Archive for Gold
www.independent.co.uk 13th February 2011
Johannesburg, the largest city in South Africa with 4 million people, was built with gold. Today though, the very material that made the city prosper threatens its very foundations. Old gold mines more than a century old have gradually been filling with ground water since their final decommissioning about three years ago. With the closure of the mines, the last water pump maintaining the water levels was switched off. The water then started seeping into the abandoned 1000 foot pits at a rate of 50ft a month and they are now so full that they threaten to overflow into the city itself. The problem, however, is with how the water has reacted with the exposed minerals in the mines. Chemical reactions with rocks that formed 2.8 billion years ago has produced a cocktail of harmful substances from sulphuric acid to toxic heavy metals and radioactive elements. “The threat of acid water decanting from old mine workings is a real and present danger. It poses a threat to our economy, environment, health and history,” noted Terence McCarthy, a professor of geosciences at the University of the Witwatersrand. Already hippos in a nearby wildlife refuge have gone blind due to, experts claim, acidic water run-off. Also, fish are dying in the Cradle of Humankind World Heritage Site. Acid pools have been reported in the outer areas of Johannesburg since 2002 and further flooding will affect house basements and even overflow onto the streets unless action is taken immediately. The government has agreed that it is an important issue but has not, as yet, dedicated itself to any solution.

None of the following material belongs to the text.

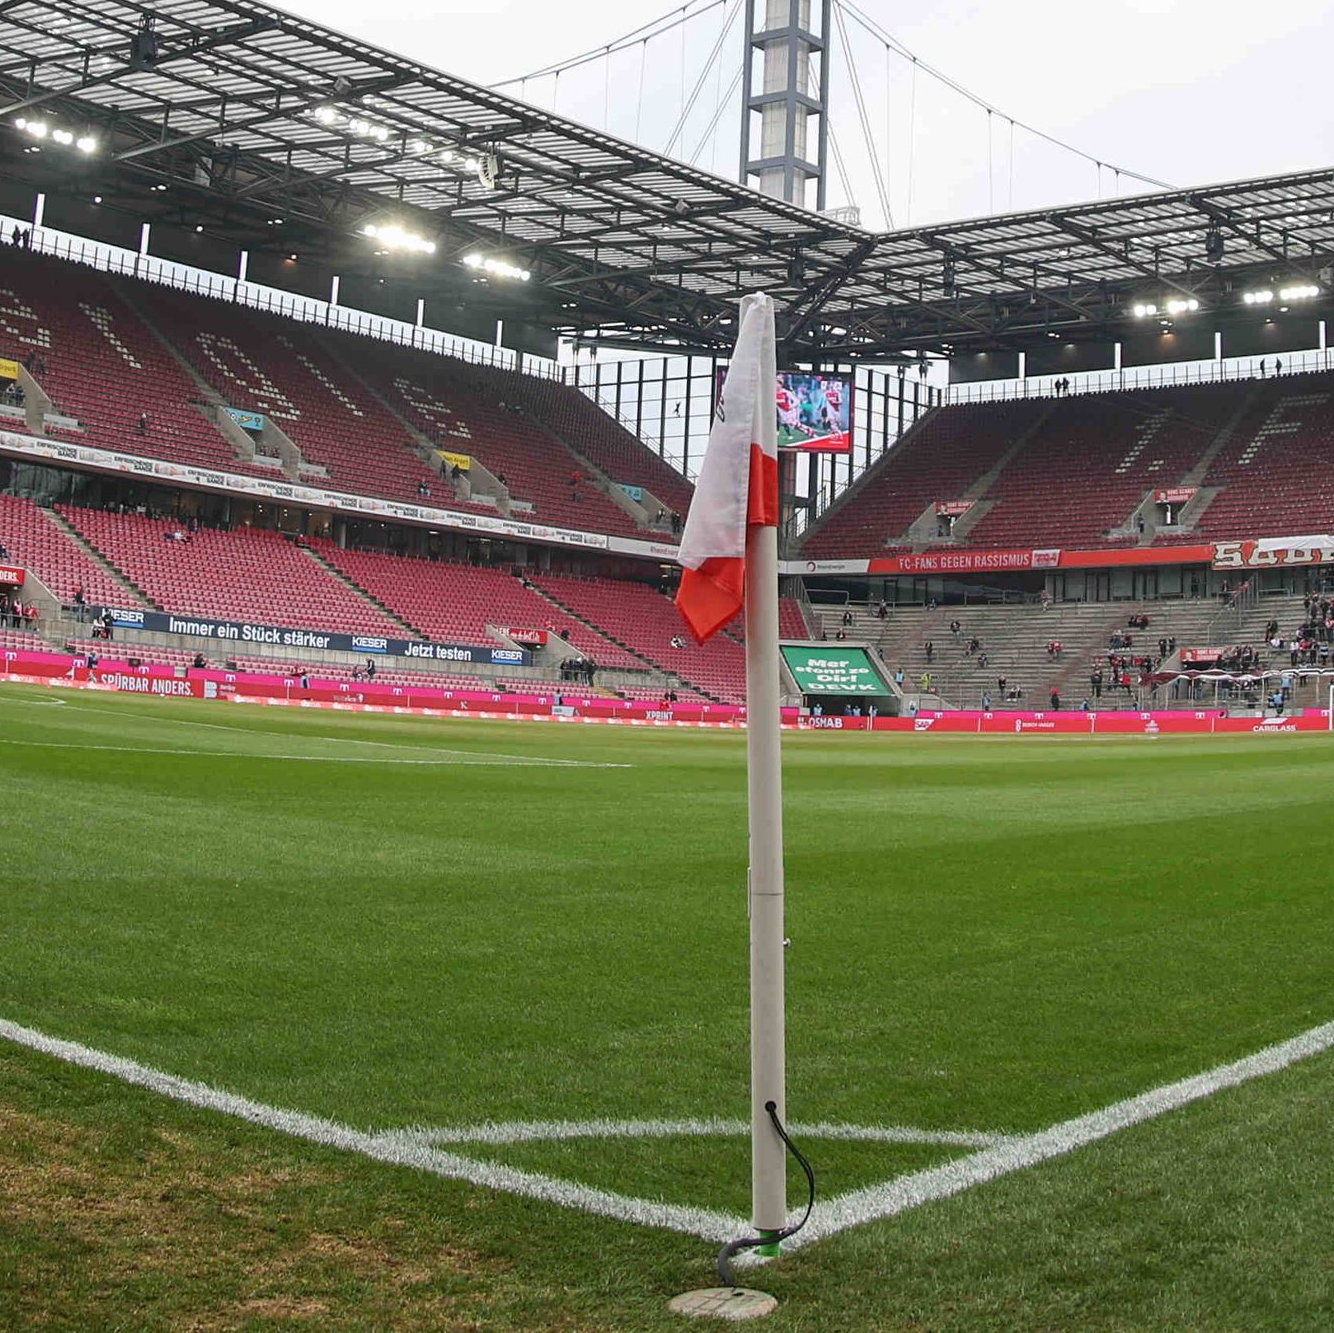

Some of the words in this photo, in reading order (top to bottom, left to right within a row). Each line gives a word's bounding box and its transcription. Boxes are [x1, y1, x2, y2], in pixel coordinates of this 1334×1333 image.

www.wsj.com 2nd December 2010
Major retailers in the US including Wal-Mart Stores Inc. and Target Corp. are fighting against a new federal law that forces them to reveal whether store-goods contain minerals from war-torn central Africa. Metals such as gold, tin, tantalum, and tungsten from countries like the Democratic Republic of Congo have been blamed of prolonging conflict by giving rebel groups an accessible source of income. The requirement, which is part of the Dodd-Frank financial law passed in July this year, forces the retailers who use such minerals to prove that no part of their acquisition benefits rebel groups. Those companies that verify the source of their materials can bear the label “DRC Conflict Free”. Those that don’t may continue selling but face public embarrassment. Major retailers, such as Wal-Mart, sell private-label goods made by other companies so the retailer claims it should be exempt from the law as it has no direct control over the manufacturing process. Other companies have complained that sometimes it is very difficult to ascertain where raw materials come from due to the high number of intermediaries involved. Others have stated that it is also difficult to know who controls transit routes in central Africa as territory is in constant flux. The law, which had bipartisan support in Congress, is an attempt by the US government to bring corporate pressure on to rebel finances. Critics have long claimed that the 15 year conflict has received little attention from the West, resulting in $185 million being raised in 2008 alone for rebel groups selling the four minerals to western markets.